■ WHAT TO PRODUCE ■
Each entry must come back word for word; drop the images as you go.

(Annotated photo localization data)
# # # # #

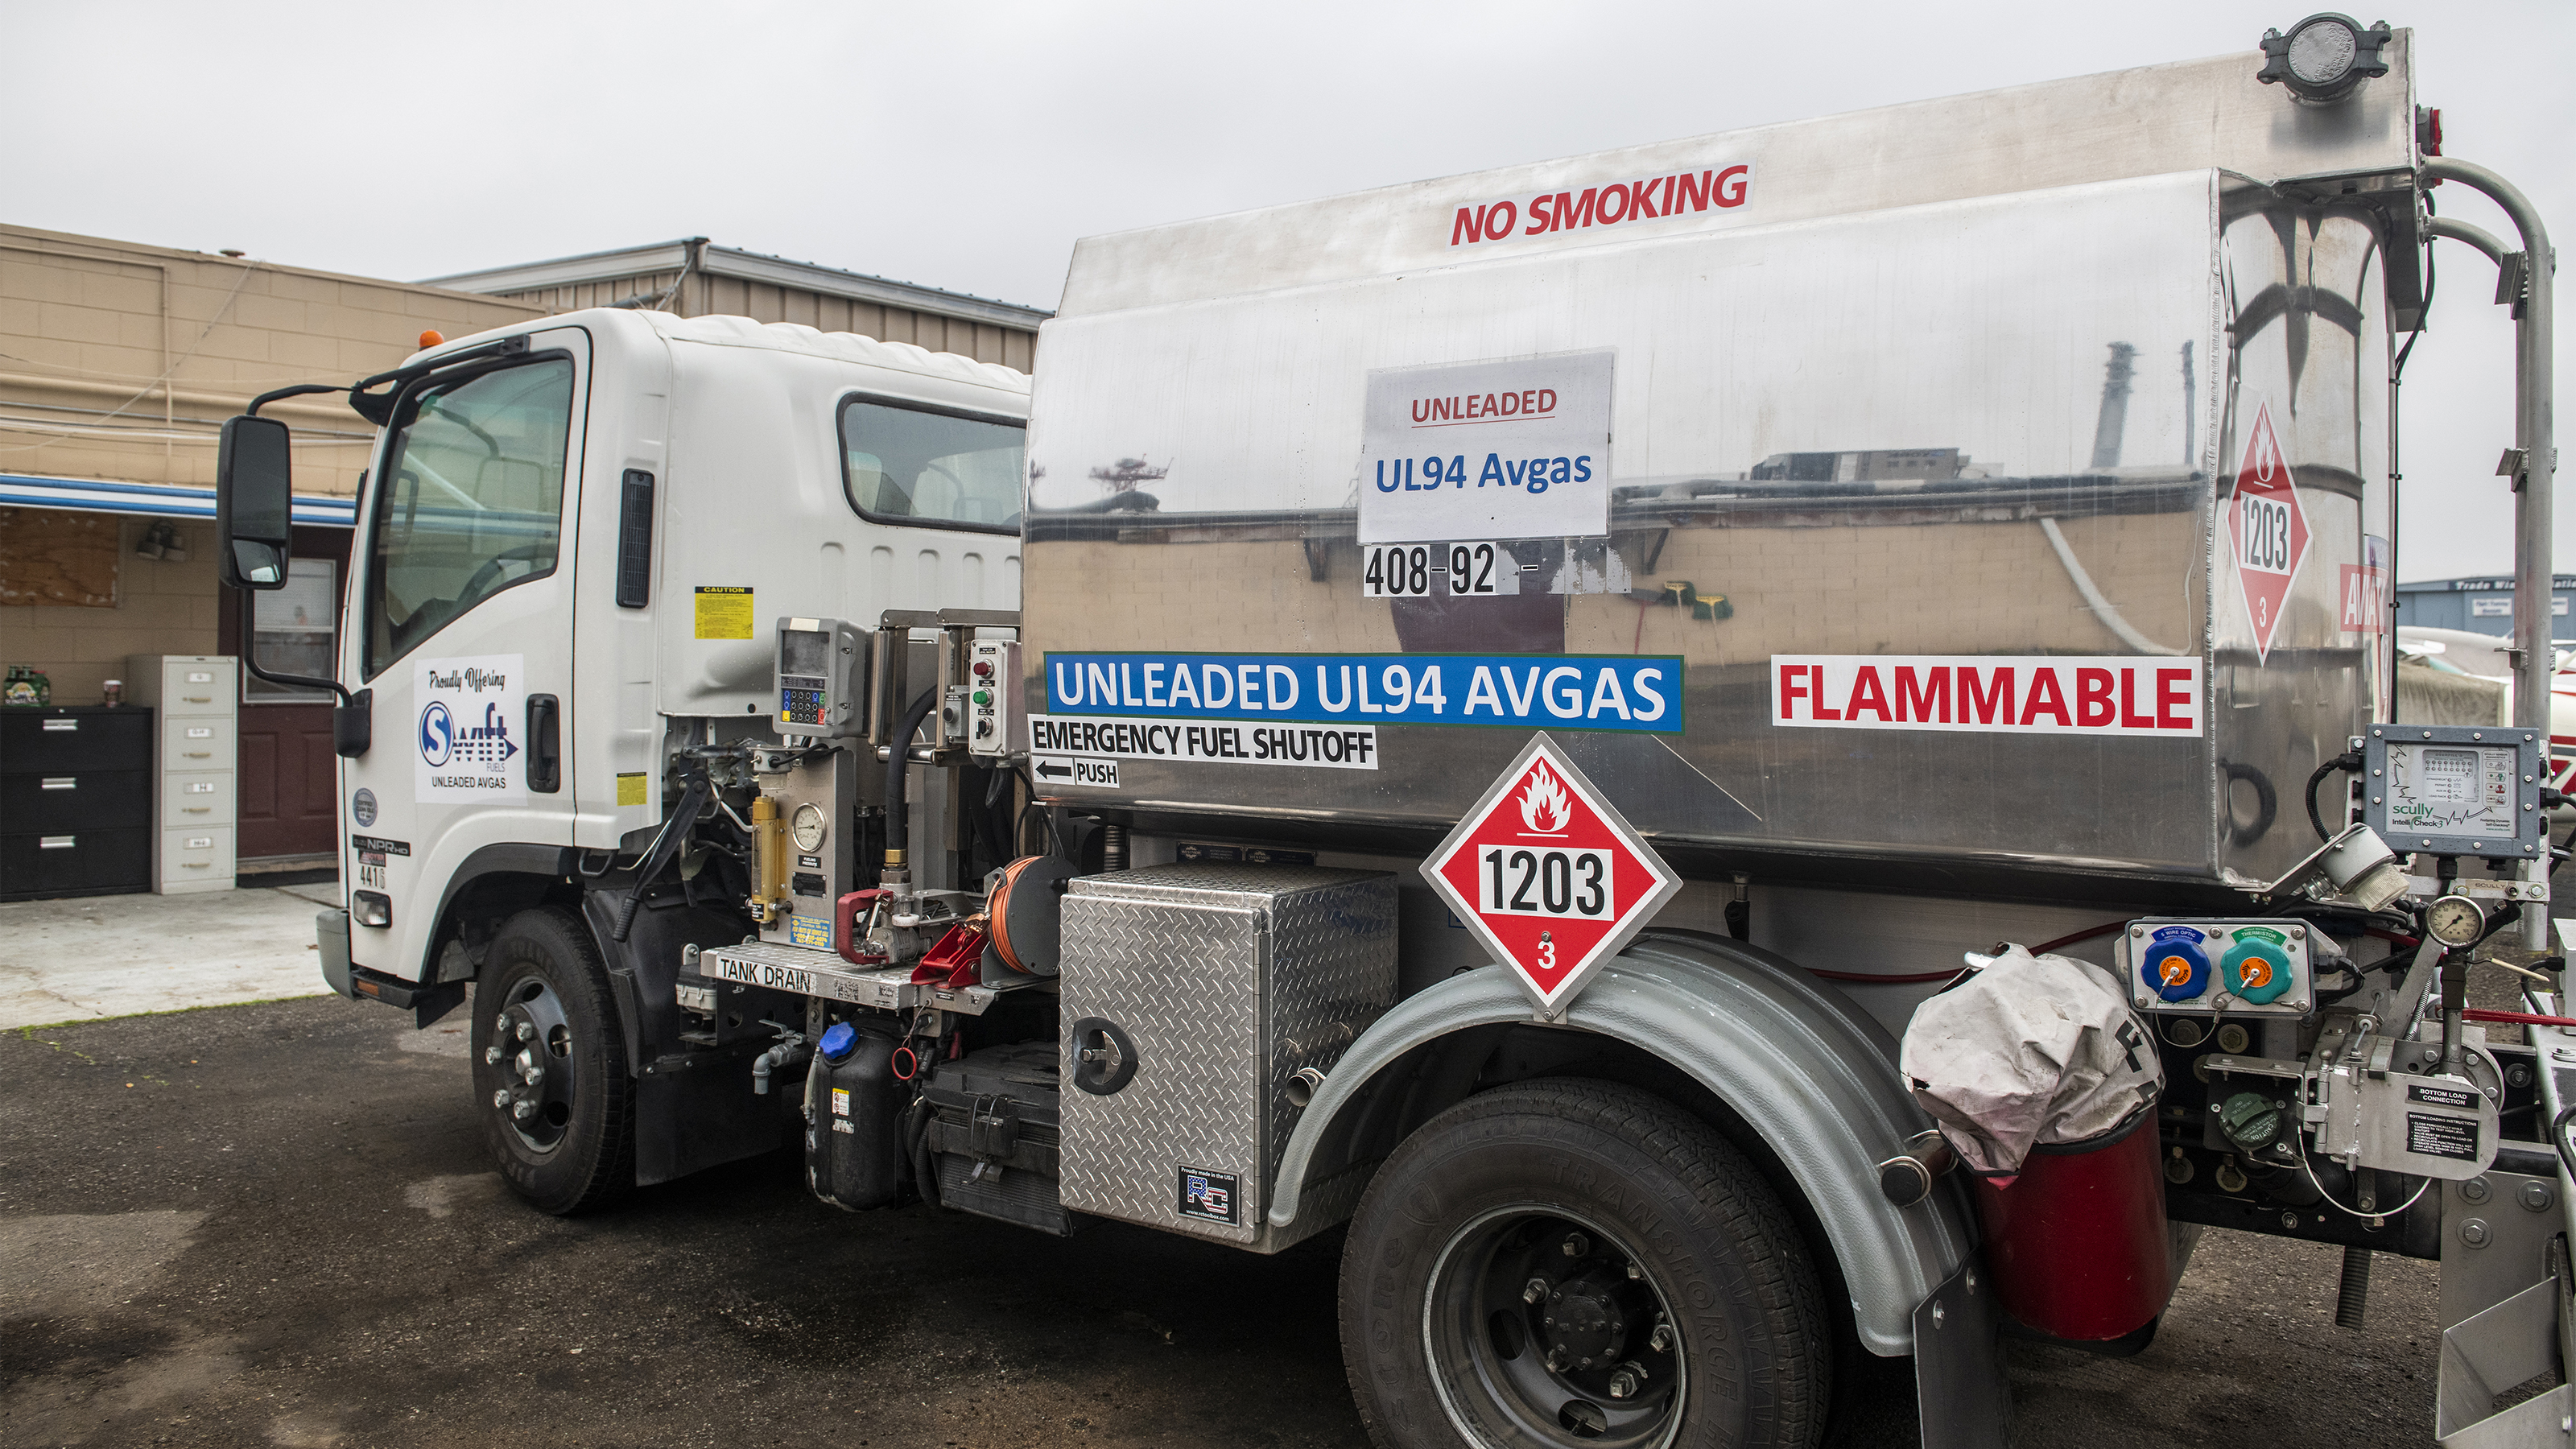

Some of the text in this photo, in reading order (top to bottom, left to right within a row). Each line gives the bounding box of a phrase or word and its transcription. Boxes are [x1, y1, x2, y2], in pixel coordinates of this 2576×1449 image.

[1451, 165, 1748, 246] NO SMOKING
[1411, 389, 1557, 423] UNLEADED
[1377, 453, 1591, 493] UL94 Avgas
[2243, 497, 2287, 570] 1203
[2456, 580, 2491, 590] Trade
[2259, 597, 2267, 627] 3
[429, 667, 506, 693] Proudly Offering
[1055, 663, 1666, 721] UNLEADED UL94 AVGAS
[1780, 665, 2193, 729] FLAMMABLE
[1032, 720, 1373, 763] EMERGENCY FUEL SHUTOFF
[486, 762, 506, 773] FUELS
[1078, 763, 1118, 784] PUSH
[431, 776, 506, 789] UNLEADED AVGAS
[2392, 803, 2434, 818] scully
[367, 838, 394, 852] NPR
[1485, 848, 1605, 916] 1203
[2180, 930, 2196, 938] OPTIC
[2240, 930, 2277, 939] THERMISTOR
[1538, 939, 1556, 969] 3
[720, 958, 811, 993] TANK DRAIN
[2174, 968, 2189, 984] scully
[2419, 1088, 2467, 1100] BOTTOM LOAD
[2422, 1095, 2466, 1105] CONNECTION
[2250, 1124, 2274, 1140] CAUTION
[1181, 1166, 1198, 1175] Proudly
[1187, 1174, 1228, 1214] RC
[1186, 1210, 1230, 1221] www.rctoolbox.com
[1550, 1157, 1737, 1402] TRANSFORCE

# # # # #

■ TASK RESPONSE ■
Some of the text in this photo, in reading order (top to bottom, left to right within a row). Each line gives the bounding box of a phrase or word and its transcription. Boxes are [x1, y1, x2, y2], in pixel coordinates of this 2576×1449 image.

[1451, 165, 1748, 246] NO SMOKING
[1411, 389, 1557, 423] UNLEADED
[1377, 453, 1591, 493] UL94 Avgas
[2243, 497, 2287, 570] 1203
[2456, 580, 2491, 590] Trade
[2259, 597, 2267, 627] 3
[429, 667, 506, 693] Proudly Offering
[1055, 663, 1666, 721] UNLEADED UL94 AVGAS
[1780, 665, 2193, 729] FLAMMABLE
[1032, 720, 1373, 763] EMERGENCY FUEL SHUTOFF
[486, 762, 506, 773] FUELS
[1078, 763, 1118, 784] PUSH
[431, 776, 506, 789] UNLEADED AVGAS
[2392, 803, 2434, 818] scully
[367, 838, 394, 852] NPR
[1485, 848, 1605, 916] 1203
[2180, 930, 2196, 938] OPTIC
[2240, 930, 2277, 939] THERMISTOR
[1538, 939, 1556, 969] 3
[720, 958, 811, 993] TANK DRAIN
[2174, 968, 2189, 984] scully
[2419, 1088, 2467, 1100] BOTTOM LOAD
[2422, 1095, 2466, 1105] CONNECTION
[2250, 1124, 2274, 1140] CAUTION
[1181, 1166, 1198, 1175] Proudly
[1187, 1174, 1228, 1214] RC
[1186, 1210, 1230, 1221] www.rctoolbox.com
[1550, 1157, 1737, 1402] TRANSFORCE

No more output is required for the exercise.